I read (in full this time) the “Dragon Book” — Compilers: Principles, Techniques and Tools. It’s as good a book as people say it is as far as the breadth of knowledge it presents to you. However it is unfortunately sparse on actual coding examples and it spends a bit too much time on the front-end part of compiler construction: there’s not as much on instruction selection, linking and other important topics. However it gives a good overview of these things to the point where you can find more knowledge elsewhere.
Most of the code for the Dragon Book is left essentially “as an exercise to the reader”. This is a pet peeve of mine: a lot of books disregard the teaching potential of simply showing you the code. Even if the code code is not in a widely used language or it doesn’t work anymore due to unavailability of said language compilers it’s still much easier for a working programmer to relate the theoretical explanations with actual code.

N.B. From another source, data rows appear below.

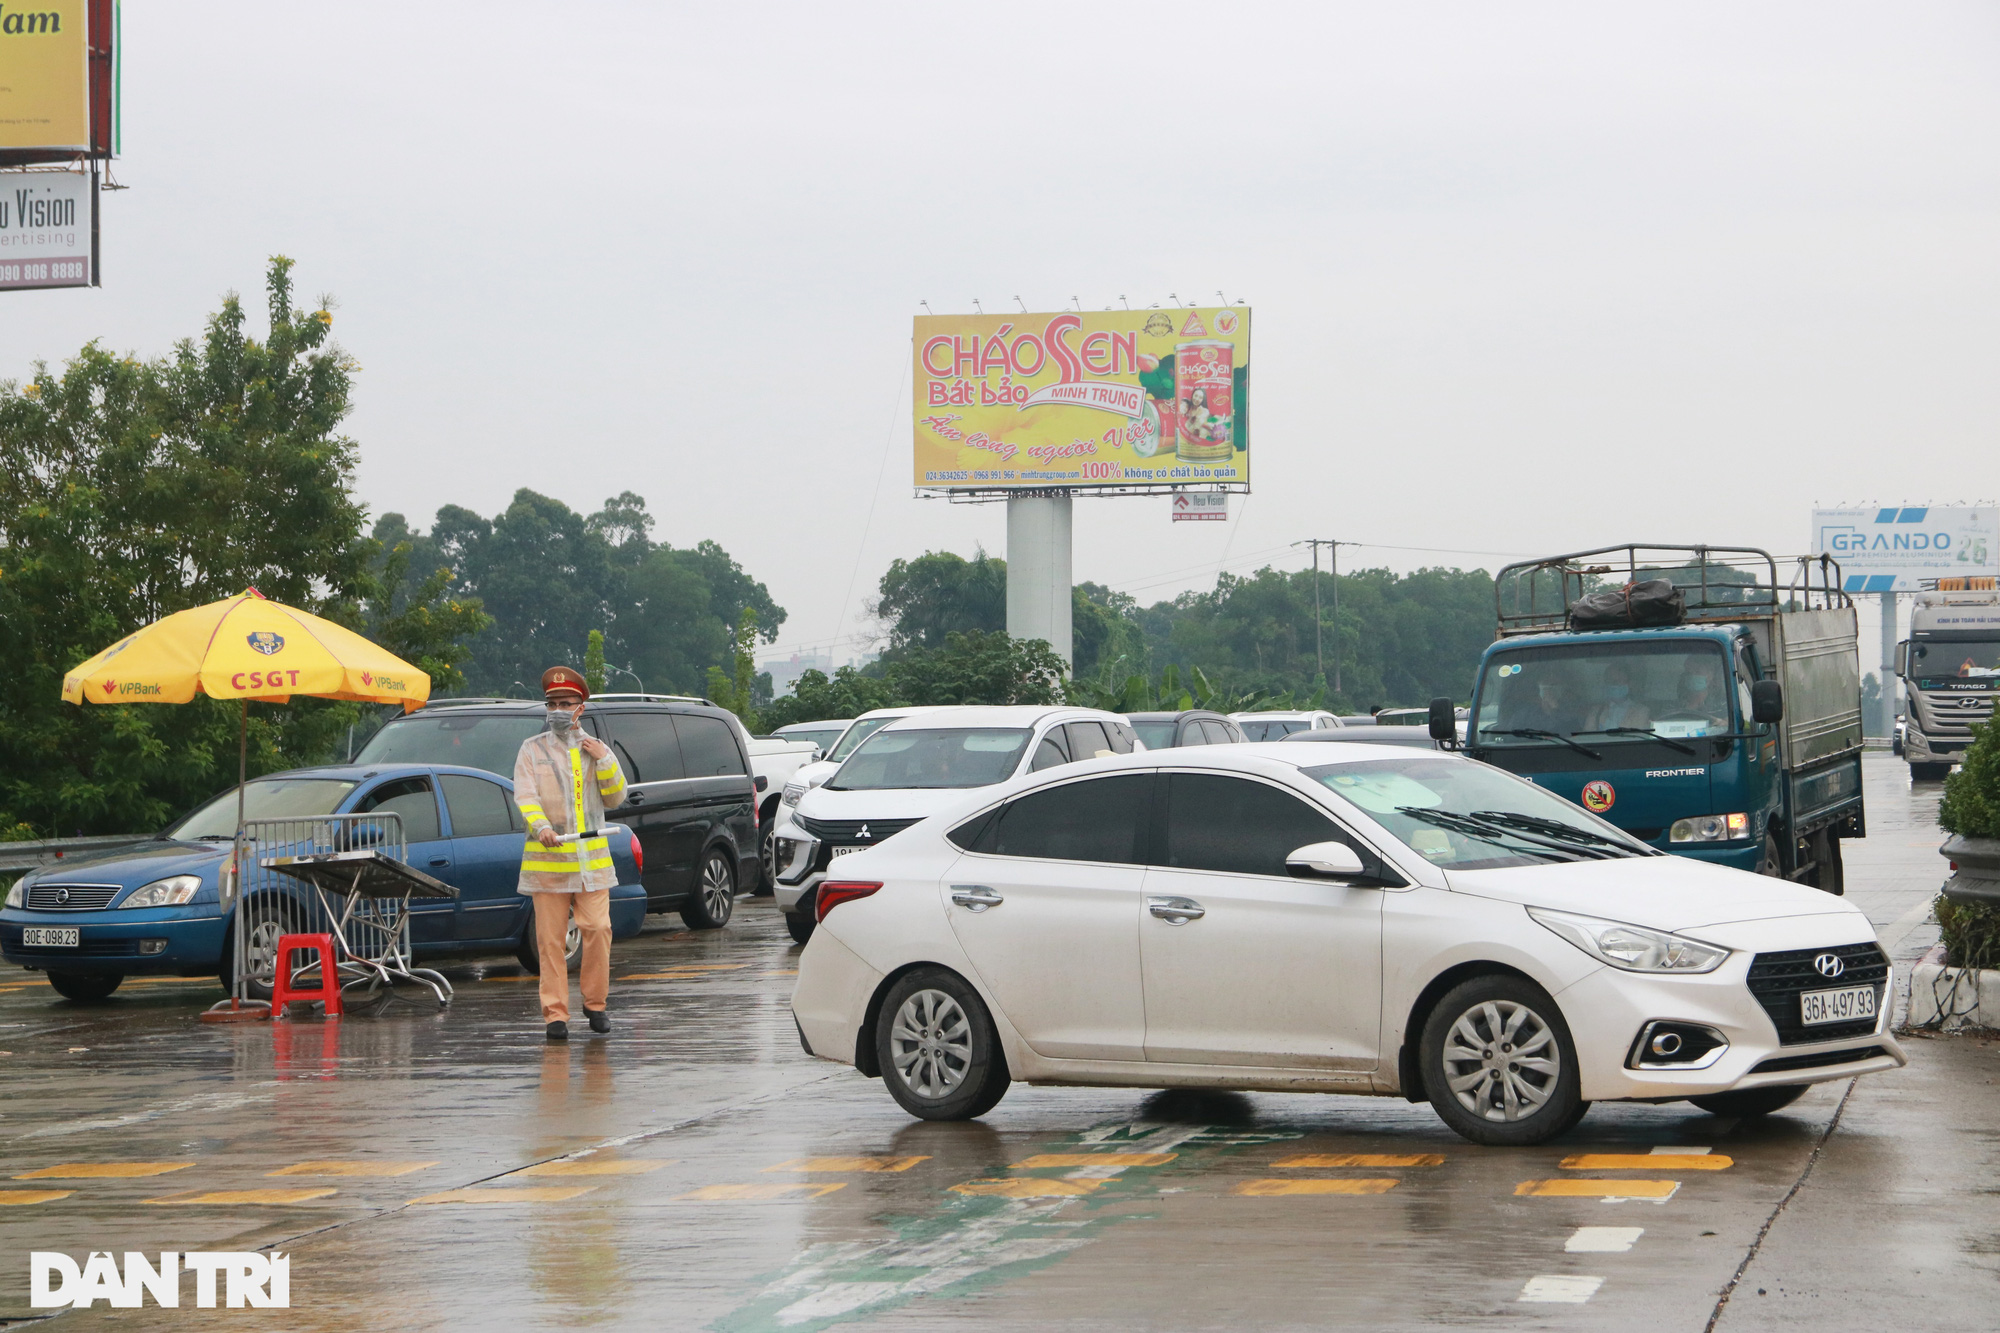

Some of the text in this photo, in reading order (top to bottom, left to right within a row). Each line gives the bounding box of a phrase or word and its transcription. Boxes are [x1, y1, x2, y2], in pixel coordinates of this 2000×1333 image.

[0, 4, 61, 34] am
[16, 187, 75, 228] Vision
[24, 263, 48, 280] 806
[52, 261, 83, 279] 8888
[928, 376, 1029, 405] Bát bảo
[1051, 387, 1138, 410] MINH TRUNG
[965, 432, 1019, 461] lòng
[1027, 439, 1097, 464] người
[1102, 418, 1154, 448] Việt
[1021, 470, 1080, 480] minhtrunggroup.com
[1082, 461, 1121, 479] 100%
[1124, 467, 1153, 479] không
[1156, 467, 1167, 478] có
[1170, 465, 1191, 477] chất
[1194, 465, 1211, 477] bảo
[1214, 465, 1236, 478] quản
[1831, 533, 1951, 550] GRANDO
[1856, 551, 1897, 559] PREMIUM
[120, 682, 161, 695] VPBank
[231, 669, 300, 690] CSGT
[374, 676, 406, 692] VPBank
[1645, 767, 1705, 778] FRONTIER
[24, 929, 77, 945] 30E-098.23
[1803, 989, 1874, 1021] 36A-497.93

For their part the authors — Aho, Sethi and Ullman — show a bit of code in the second chapter (“A Simple Compiler”), putting some things together for a simple translator, but it’s evidently a very toy example and doesn’t get built up as the book evolves into the “harder” parts of compiler construction.

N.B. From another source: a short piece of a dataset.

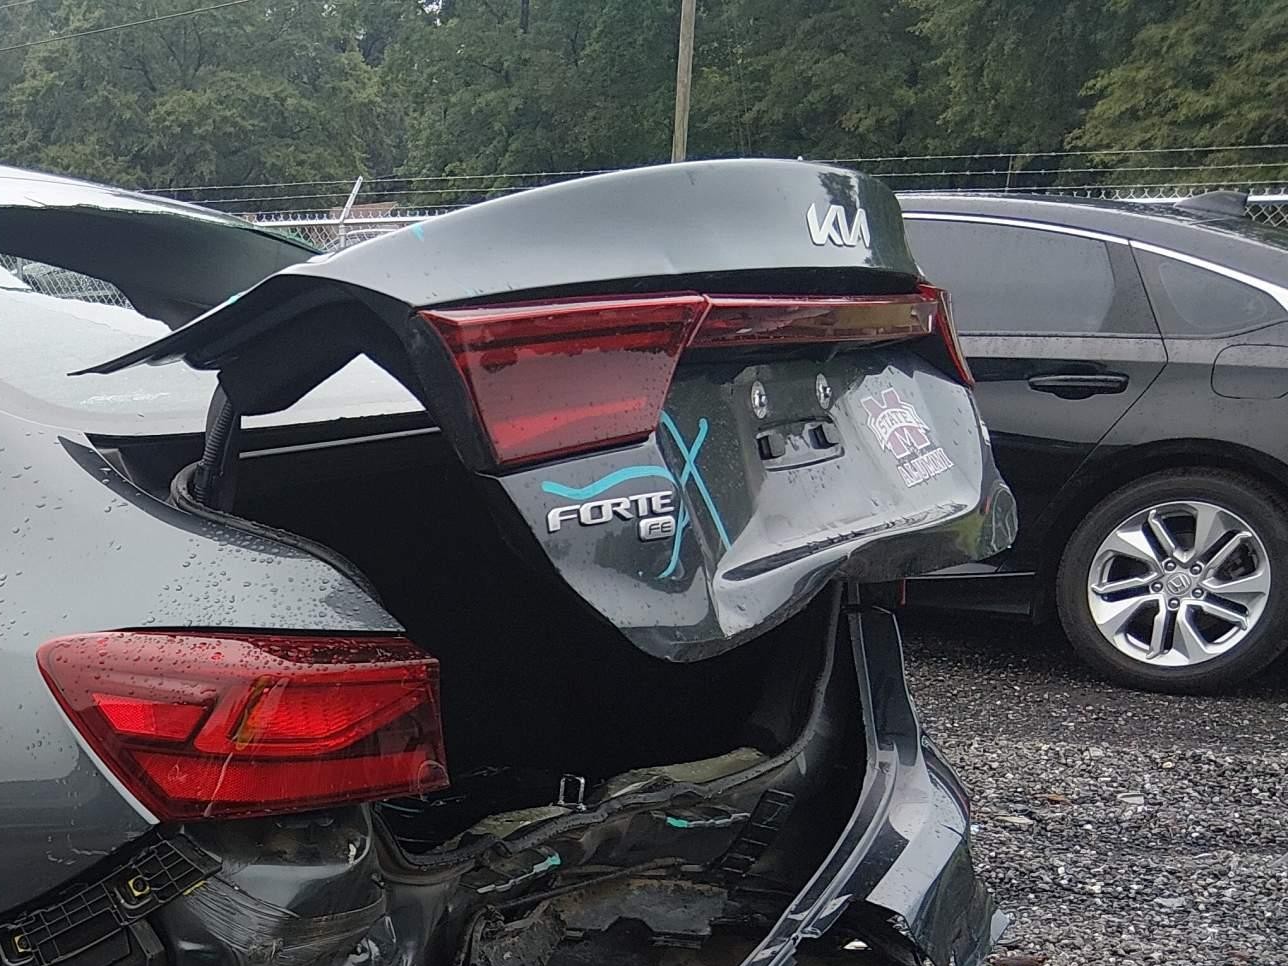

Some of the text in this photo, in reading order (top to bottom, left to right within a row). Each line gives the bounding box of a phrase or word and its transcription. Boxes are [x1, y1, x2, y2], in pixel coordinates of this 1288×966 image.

Another book that goes code-first into the topic is “The UNIX programming environment”, by Kernighan and Pike. In the chapter “Program Development” the authors do what the Dragon Book did not and show you the code of an actual working mini language. It starts out as a simple calculator and then grows to include variable and function definitions.
That led me to reading more about lex
and yacc
, so I picked up the appropriately named book Lex and Yacc (Levine et. al). It does a pretty good job of giving you an overview and has some practical advices. I did forgo the whole matter of the different implementations (AT&T, GNU, etc). That doesn’t matter for me. However the idea of using just lex
for some small text-searching programs is interesting and something I hadn’t thought of.

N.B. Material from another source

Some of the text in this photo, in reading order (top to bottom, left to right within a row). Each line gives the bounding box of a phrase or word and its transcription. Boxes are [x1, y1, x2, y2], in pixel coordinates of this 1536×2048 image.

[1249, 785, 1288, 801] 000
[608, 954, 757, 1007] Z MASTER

To freshen up on C I read Beej’s Guide to C Programming and read and watched quite a few talks about more modern C development. Even though I know C I didn’t keep up with its development so I was still on a C89 mindset. Since then there have been some worthwhile improvements that made the language more ergonomic, it was very much worth re-learning some low-level programming.
Books and Articles
In total I read 4 technical books in February, watched 12 talks, read 9 papers and many more articles.
Repos
I produced some code while digging into compilers, an implementation of the Kernighan and Pike examples chapter by chapter, and an abstract stack machine of my own. There’s a lot more stuff that I cooked up but most are still private or in an unfinished state.
Conclusion
Pretty good month, the working sabbatical keeps delivering: this is some of the most enjoyable programming experiences I’ve had in years. I even managed to squeeze in some consultancy work for a few days.